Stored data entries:
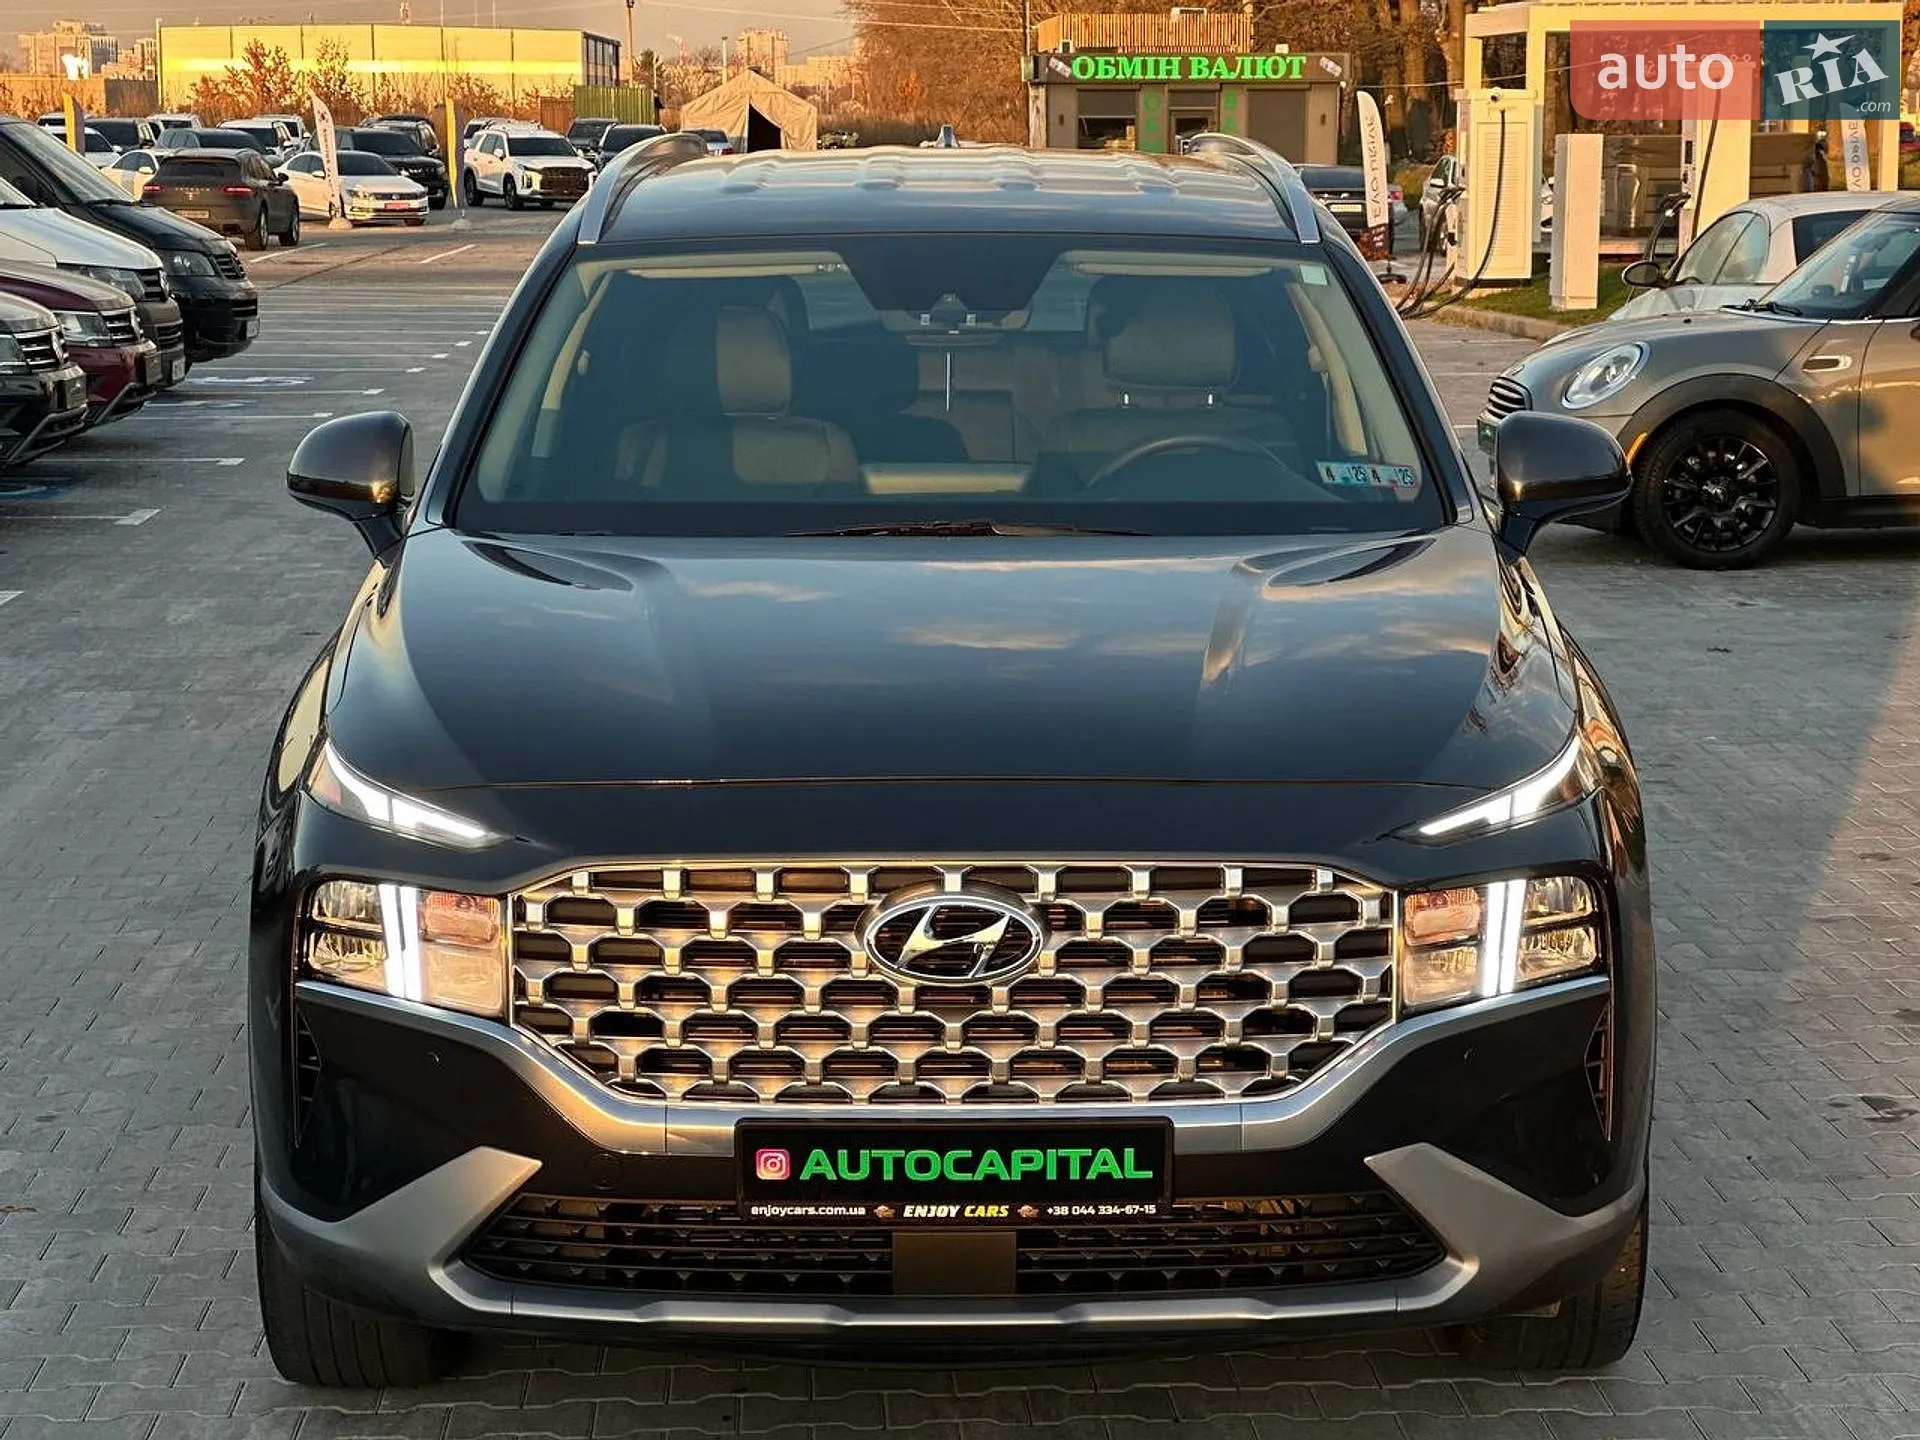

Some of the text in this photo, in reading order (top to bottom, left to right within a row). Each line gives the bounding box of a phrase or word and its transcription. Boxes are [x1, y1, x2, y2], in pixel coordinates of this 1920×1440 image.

[1071, 56, 1307, 80] ОБМІН ВАЛЮТ
[799, 1148, 1153, 1180] AUTOCAPITAL
[751, 1204, 866, 1217] enjoycars.com.ua
[903, 1205, 1009, 1218] ENJOY CARS
[1047, 1204, 1157, 1215] +38 044 334-67-15

ASSIGNMENT
Retype all entries exactly; omit pictures.

YOUR SOLUTION
Some of the text in this photo, in reading order (top to bottom, left to right within a row). Each line gives the bounding box of a phrase or word and its transcription. Boxes are [x1, y1, x2, y2], in pixel coordinates of this 1920×1440 image.

[1071, 56, 1307, 80] ОБМІН ВАЛЮТ
[799, 1148, 1153, 1180] AUTOCAPITAL
[751, 1204, 866, 1217] enjoycars.com.ua
[903, 1205, 1009, 1218] ENJOY CARS
[1047, 1204, 1157, 1215] +38 044 334-67-15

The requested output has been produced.